Many years ago, Connecticut cities began offering substantial grants for Public Art projects in an attempt to enliven the desolate, inner-city wastelands created by Urban Renewal. I decided to apply for one in New Haven and came up with the idea of creating activity on the street in the form of metal cutouts of people waiting on the corner for a bus. I have a friend, Steve Rosenberg, a well- known “metalsmith” who lives near me and owns a giant laser that easily cuts through half-inch sheets of steel. I planned to paint a series of life-sized people on the metal plates, have Steve cut them out, mount them on giant industrial springs and install them on downtown New Haven street corners. I thought it would make for a rather interesting amalgam of life and art.

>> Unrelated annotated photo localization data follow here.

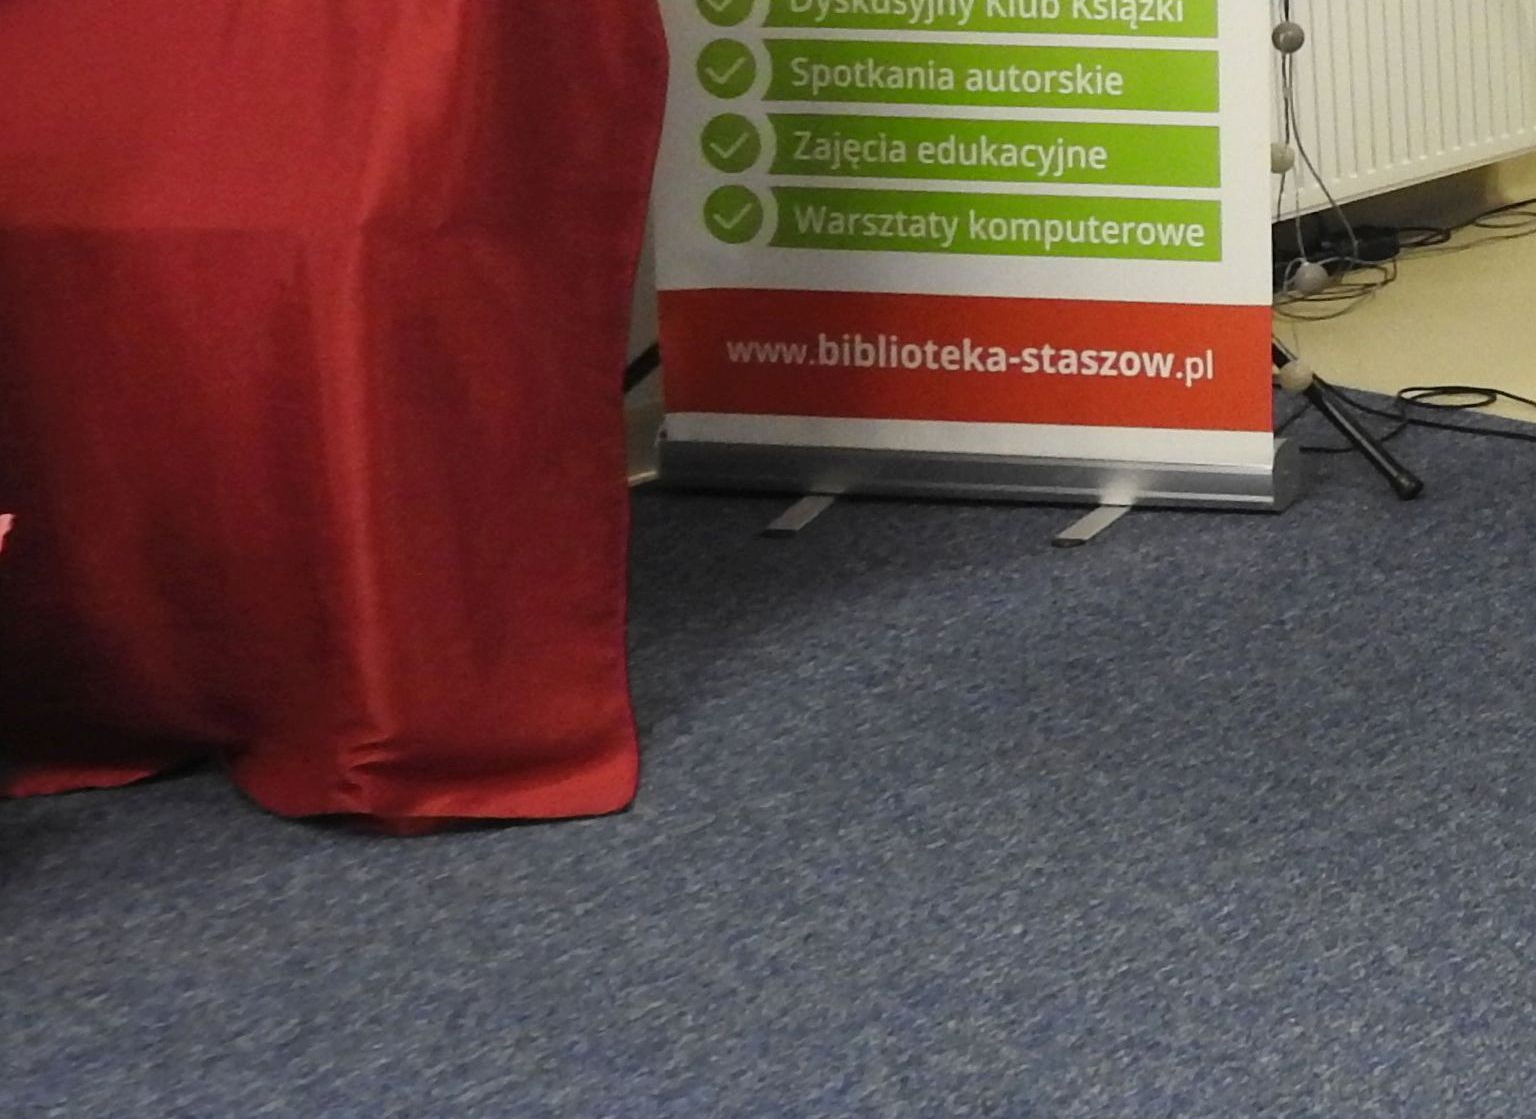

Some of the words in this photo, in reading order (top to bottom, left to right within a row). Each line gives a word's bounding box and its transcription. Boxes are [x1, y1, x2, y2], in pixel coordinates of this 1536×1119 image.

[791, 55, 956, 100] Spotkania
[965, 60, 1124, 98] autorskie
[792, 130, 908, 174] Zajęcia
[918, 135, 1109, 177] edukacyjne
[796, 203, 959, 248] Warsztaty
[968, 208, 1206, 251] komputerowe
[727, 332, 1215, 386] www.biblioteka-staszow.pl
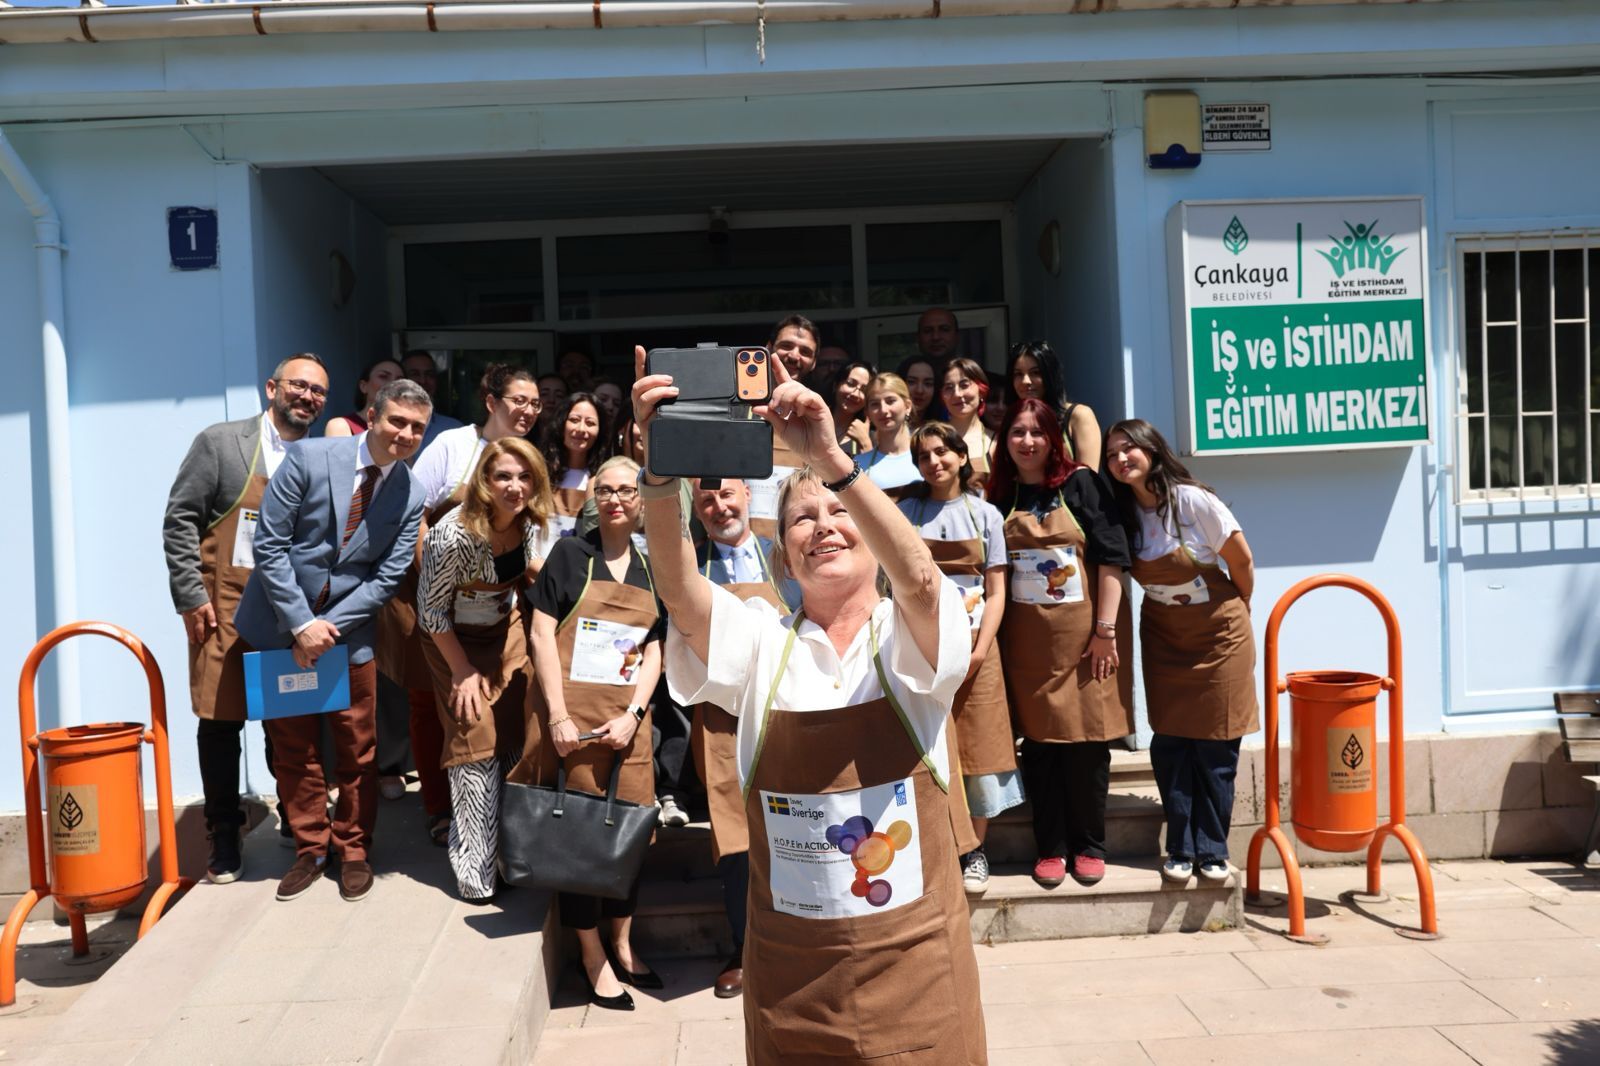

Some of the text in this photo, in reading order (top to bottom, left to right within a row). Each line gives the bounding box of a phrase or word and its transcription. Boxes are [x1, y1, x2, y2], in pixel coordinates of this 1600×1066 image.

[1232, 131, 1268, 140] GÜVENLİK
[187, 222, 197, 251] 1
[1194, 263, 1289, 288] Çankaya
[1357, 278, 1404, 287] İSTİHDAM
[1363, 286, 1407, 296] MERKEZİ
[1211, 313, 1414, 384] İŞ ve İSTİHDAM
[1206, 374, 1427, 440] EĞİTİM MERKEZİ
[792, 807, 824, 821] Sverige
[796, 840, 803, 850] in
[804, 842, 838, 851] ACTION
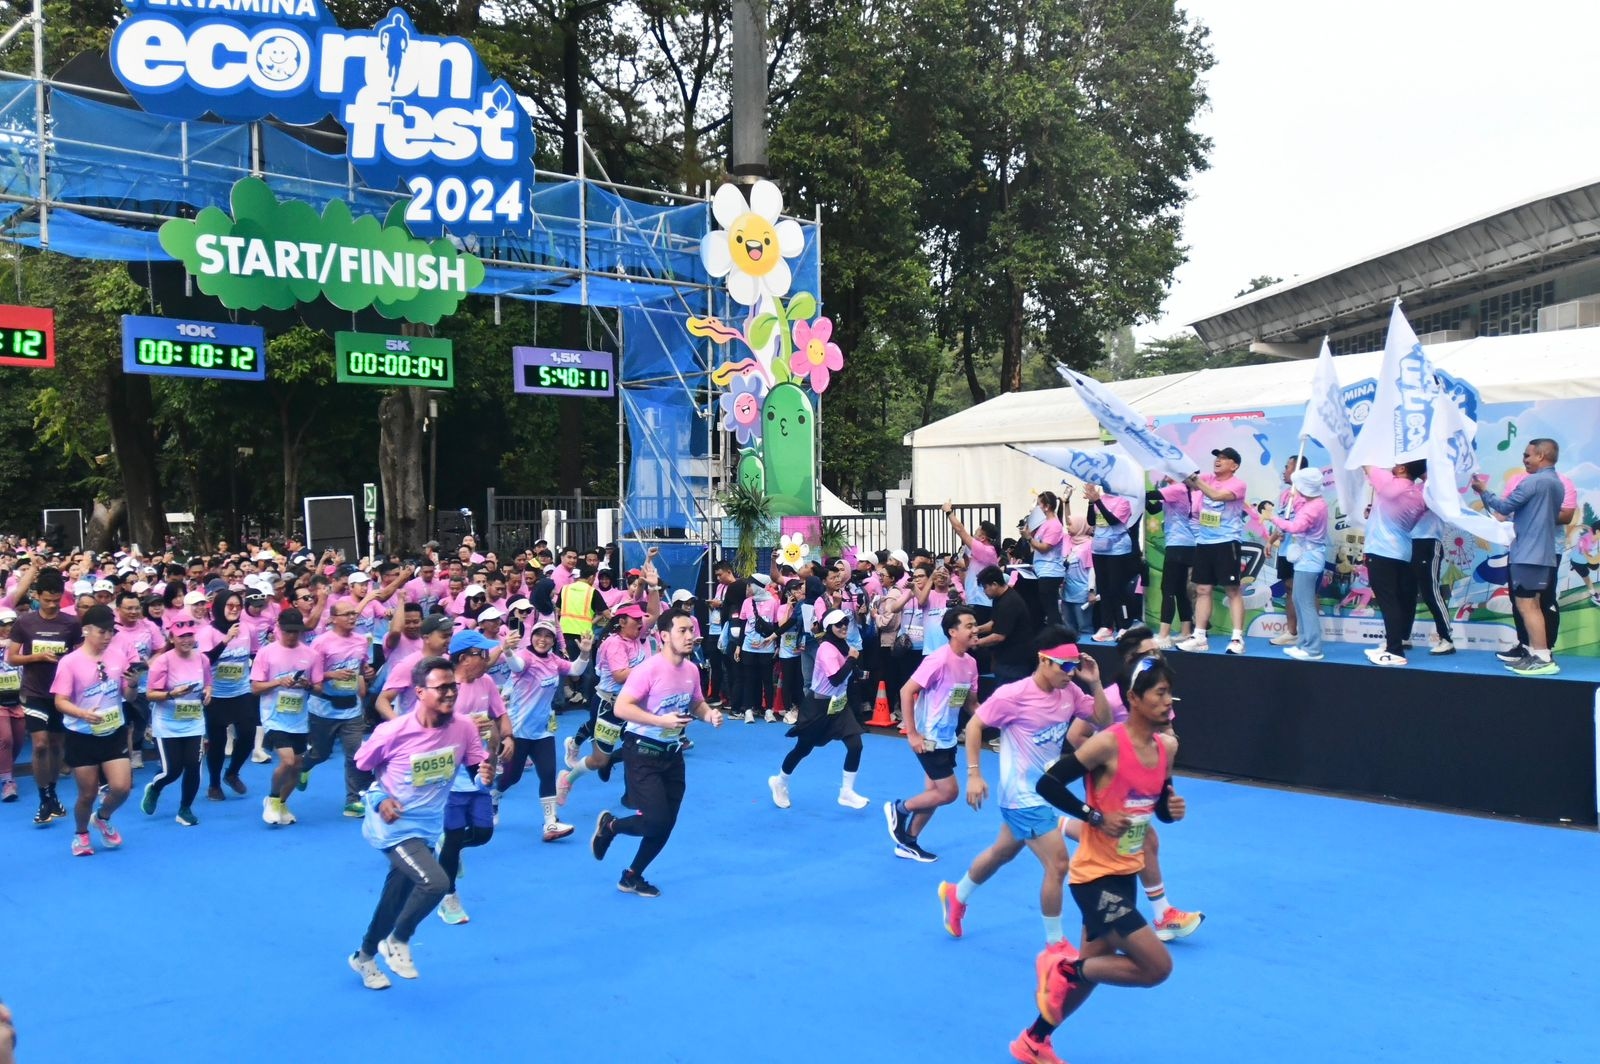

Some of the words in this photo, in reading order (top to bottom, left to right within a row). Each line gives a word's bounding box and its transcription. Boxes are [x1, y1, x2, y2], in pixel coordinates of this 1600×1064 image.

In order to prepare a maquette to submit to the jury, I made sketches of a dozen or so “real” people in my usual satirical style; people of all races, ages and classes. I then glued them onto cardboard, cut them out and placed them in shoebox-sized dioramas with photocopies of urban street scenes. (This was before the days when one could PhotoShop drawings into actual places). In any event, I never submitted my proposal, having gotten engrossed in creating miniature worlds inside supermarket boxes. I used my large collection of photos of pre-urban renewal Stamford as background and created a cast of urban characters to occupy the scenes.
Before I knew it, I had completed close to one hundred boxes, all sizes and shapes. The settings recreating the lost Stamford downtown in which over 500 buildings were demolished. You can see a dozen of them installed as a unit on the second floor of the Tully Center on Strawberry Hill Avenue in Stamford where they occupy a wall in the main waiting room. The consultant who chose them wanted “something distracting to take people’s minds off their upcoming tests.” She loves coming into the room and seeing the chairs turned around to face the settings with their whimsical cast of characters. The figures may not have made it to a real bus stop, but you never know; they still might.